FIGS. 2 and 3 are embodiments of the vapor compression system 14
that can be used in the HVAC&R system 10. The vapor compression
system 14 may circulate a refrigerant through a circuit starting
with a compressor 32. The circuit may also include a condenser 34,
an expansion valve(s) or device(s) 36, and a liquid chiller or an
evaporator 38. The vapor compression system 14 may further include
a control panel 40 (e.g., controller) that has an analog to digital
(A/D) converter 42, a microprocessor 44, a non-volatile memory 46,
and/or an interface board 48.
Some examples of fluids that may be used as refrigerants in the
vapor compression system 14 are hydrofluorocarbon (HFC) based
refrigerants, for example, R-410A, R-407, R-134a,
hydrofluoro-olefin (HFO), "natural" refrigerants like ammonia
(NH3), R-717, carbon dioxide (CO2), R-744, or hydrocarbon based
refrigerants, water vapor, or any other suitable refrigerant. In
some embodiments, the vapor compression system 14 may be configured
to efficiently utilize refrigerants having a normal boiling point
of about 19 degrees Celsius (66 degrees Fahrenheit or less) at one
atmosphere of pressure, also referred to as low pressure
refrigerants, versus a medium pressure refrigerant, such as R-134a.
As used herein, "normal boiling point" may refer to a boiling point
temperature measured at one atmosphere of pressure.
In some embodiments, the vapor compression system 14 may use one or
more of a variable speed drive (VSDs) 52, a motor 50, the
compressor 32, the condenser 34, the expansion valve or device 36,
and/or the evaporator 38. The motor 50 may drive the compressor 32
and may be powered by a main drive line variable speed drive (VSD)
52. The main drive line VSD 52 receives alternating current (AC)
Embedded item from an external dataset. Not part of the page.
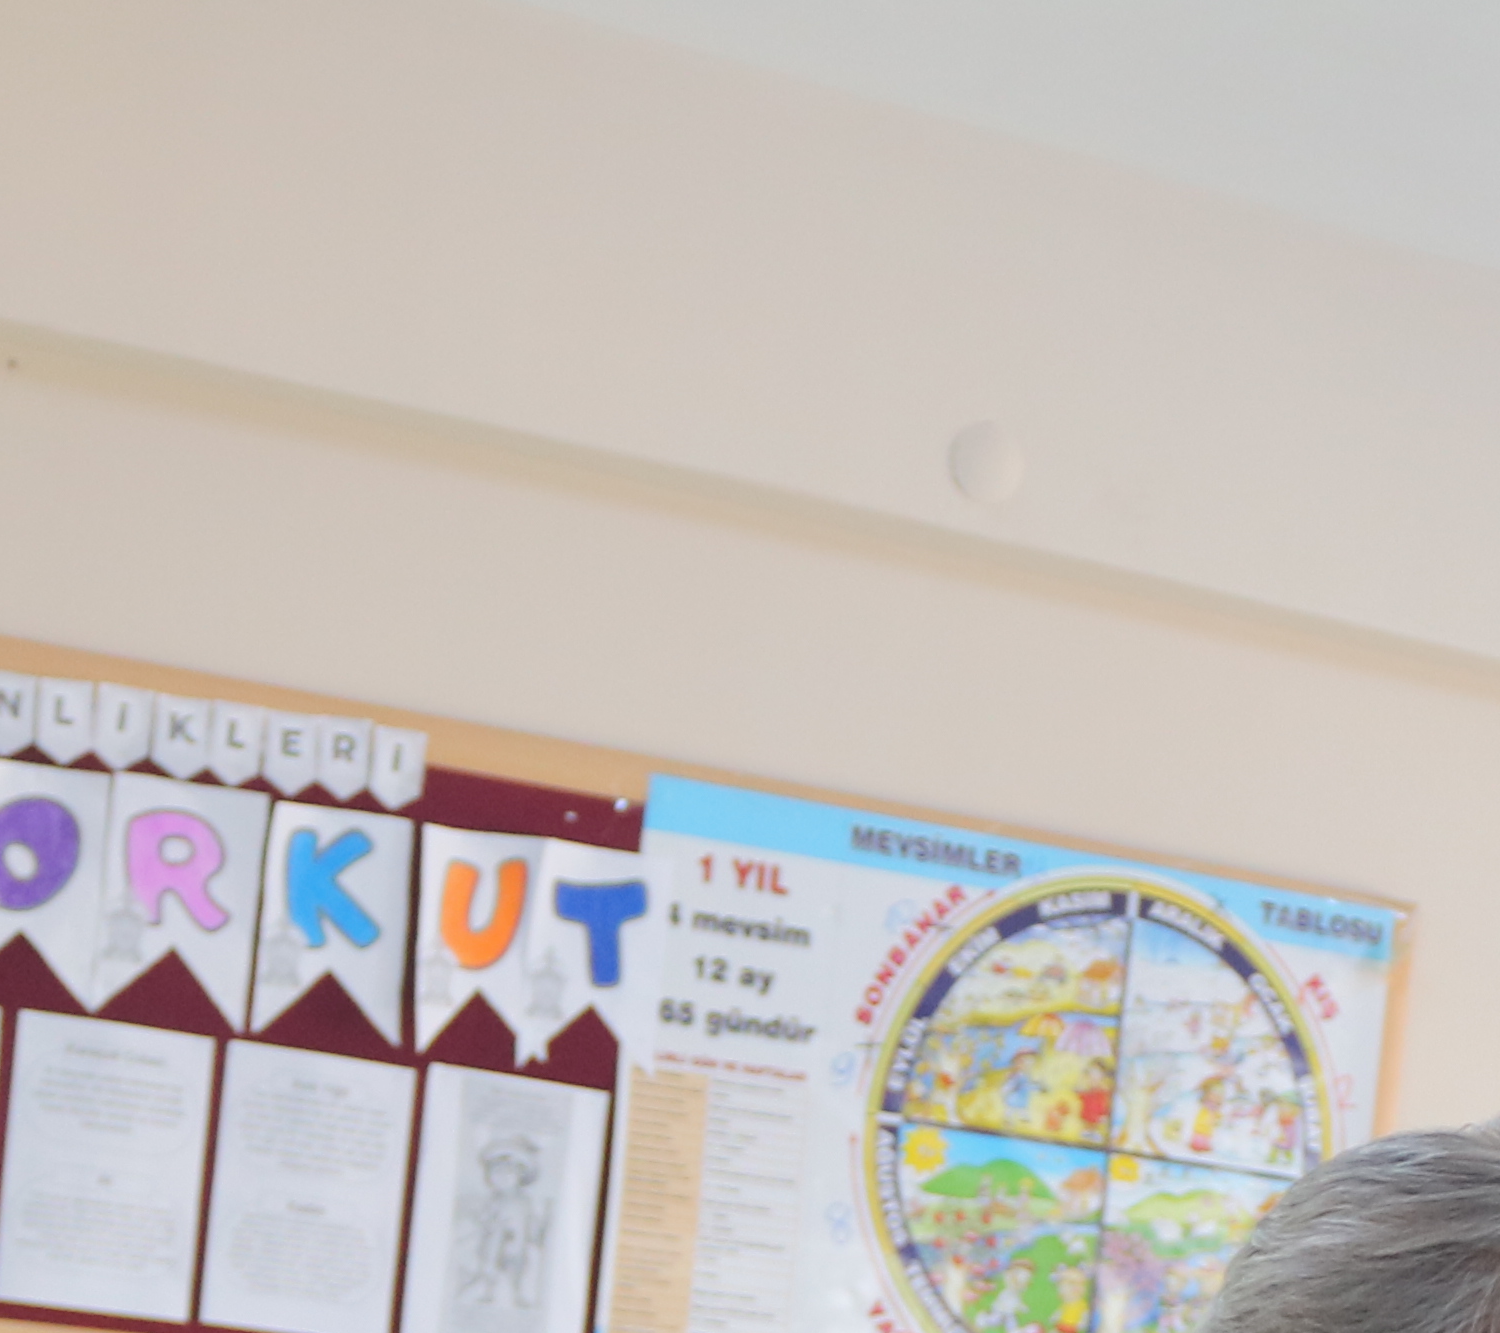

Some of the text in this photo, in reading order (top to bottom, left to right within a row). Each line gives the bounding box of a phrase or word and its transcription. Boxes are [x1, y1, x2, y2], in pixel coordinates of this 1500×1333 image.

power having a particular fixed line voltage and fixed line
frequency from an AC power source, and provides power having a
variable voltage and frequency to the motor 50. In some
embodiments, the main drive line VSD 52 may be housed within a VSD
enclosure 53 (e.g., an electrical enclosure). As discussed below,
the VSD enclosure 53 may house a variety of components. In some
embodiments, the motor 50 may be powered directly from an AC or
direct current (DC) power source. The motor 50 may include any type
of electric motor that can be powered by a VSD or directly from an
AC or DC power source, such as a switched reluctance motor, an
induction motor, an electronically commutated permanent magnet
motor, or another suitable motor.
The compressor 32 compresses a refrigerant vapor and delivers the
vapor to the condenser 34 through a discharge passage. In some
embodiments, the compressor 32 may be a centrifugal compressor.
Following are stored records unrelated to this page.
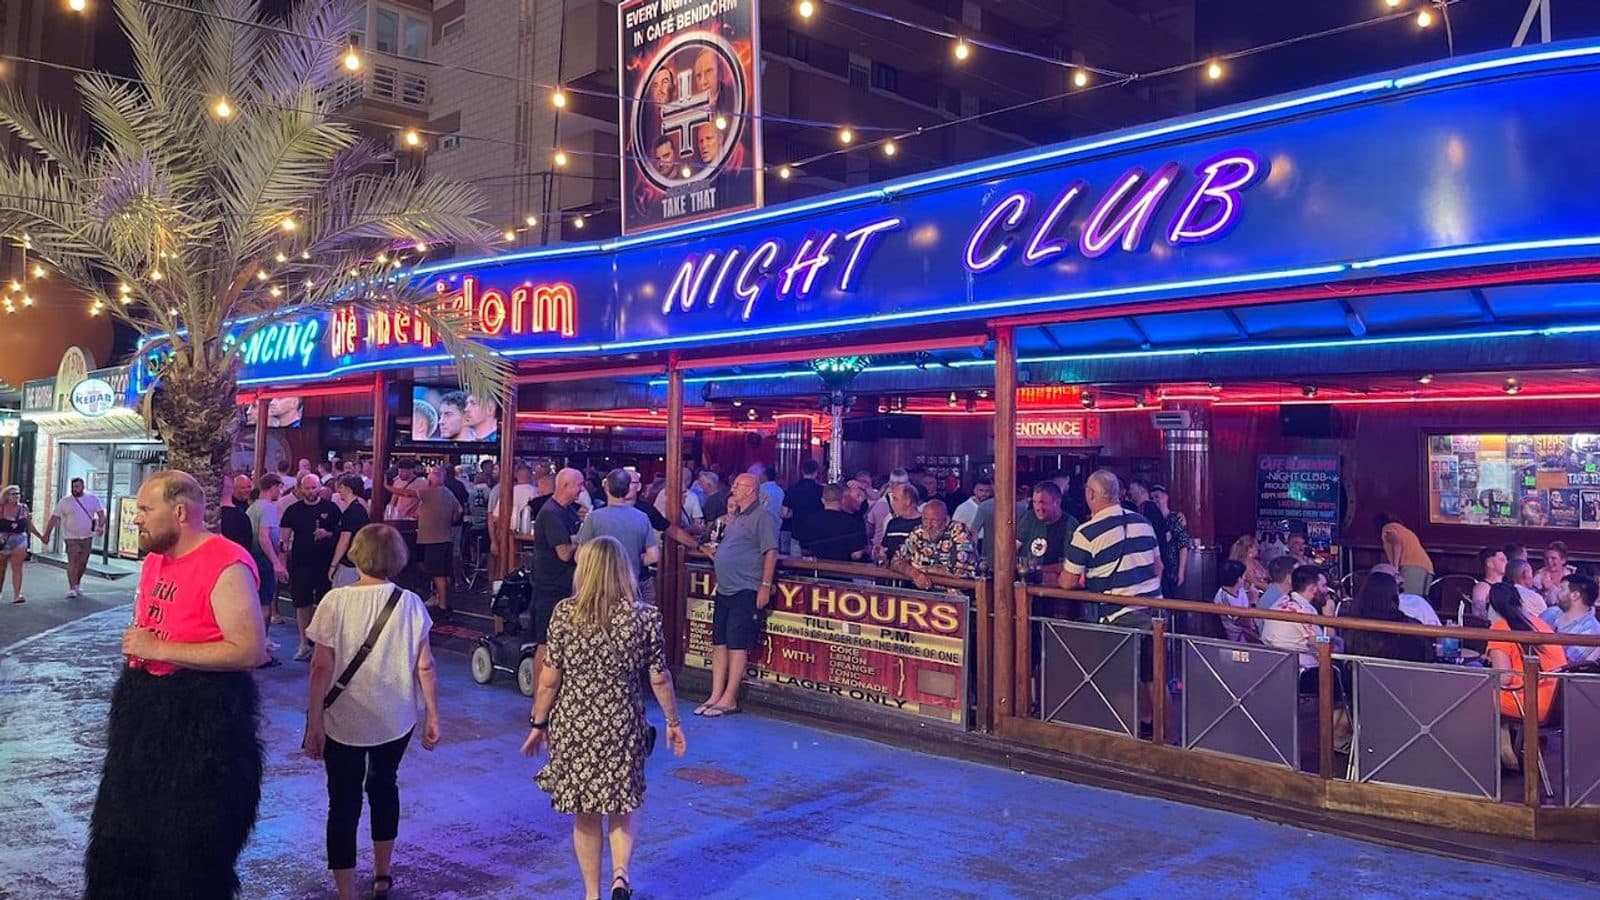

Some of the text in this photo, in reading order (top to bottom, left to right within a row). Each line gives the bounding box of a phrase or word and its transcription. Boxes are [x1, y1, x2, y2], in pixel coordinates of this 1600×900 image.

[626, 0, 692, 29] EVERY NIG
[633, 0, 738, 47] IN CAFÉ BENIDORM
[661, 194, 686, 219] TAKE
[689, 187, 717, 212] THAT
[661, 156, 1258, 320] NIGHT CLUB
[223, 318, 319, 368] NCING
[1015, 421, 1081, 436] ENTRANCE
[811, 587, 959, 631] HOURS
[769, 622, 787, 634] TWO
[787, 625, 809, 638] PINTS
[823, 630, 853, 645] LAGER
[854, 636, 872, 647] FOR
[873, 639, 892, 650] THE
[893, 642, 920, 655] PRICE
[923, 648, 936, 659] OF
[938, 651, 959, 663] ONE
[802, 616, 916, 643] TILL P.M.
[782, 648, 815, 663] WITH
[829, 644, 860, 656] COKE
[829, 653, 867, 665] LEMON
[829, 660, 876, 675] ORANGE
[829, 668, 861, 680] TONIC
[746, 668, 908, 710] OF LAGER ONLY
[828, 675, 889, 694] LEMONADE
Further, in some embodiments, the discharge passage may include
diffuser, such as variable geometry diffuser 33. The variable
geometry diffuser 33 may modify its shape to adjust a fluid flow
rate through the compressor 32. The refrigerant vapor delivered by
the compressor 32 to the condenser 34 may transfer heat to a
cooling fluid (e.g., water or air) in the condenser 34. The
refrigerant vapor may condense to a refrigerant liquid in the
condenser 34 as a result of thermal heat transfer with the cooling
fluid. The refrigerant liquid from the condenser 34 may flow
through the expansion device 36 to the evaporator 38. In the
illustrated embodiment of FIG. 3, the condenser 34 is water cooled
and includes a tube bundle 54 connected to a cooling tower 56,
which supplies the cooling fluid to the condenser.
The refrigerant liquid delivered to the evaporator 38 may absorb
heat from another cooling fluid, which may or may not be the same
cooling fluid used in the condenser 34. The refrigerant liquid in
the evaporator 38 may undergo a phase change from the refrigerant
liquid to a refrigerant vapor. As shown in the illustrated
embodiment of FIG. 3, the evaporator 38 may include a tube bundle
58 having a supply line 60S and a return line 60R connected to a
cooling load 62. The cooling fluid of the evaporator 38 (e.g.,
water, ethylene glycol, calcium chloride brine, sodium chloride
brine, or any other suitable fluid) enters the evaporator 38 via
return line 60R and exits the evaporator 38 via supply line 60S.
The evaporator 38 may reduce the temperature of the cooling fluid
in the tube bundle 58 via thermal heat transfer with the
refrigerant. The tube bundle 58 in the evaporator 38 can include a
plurality of tubes and/or a plurality of tube bundles. In any case,
the refrigerant vapor exits the evaporator 38 and returns to the
compressor 32 by a suction line to complete the cycle.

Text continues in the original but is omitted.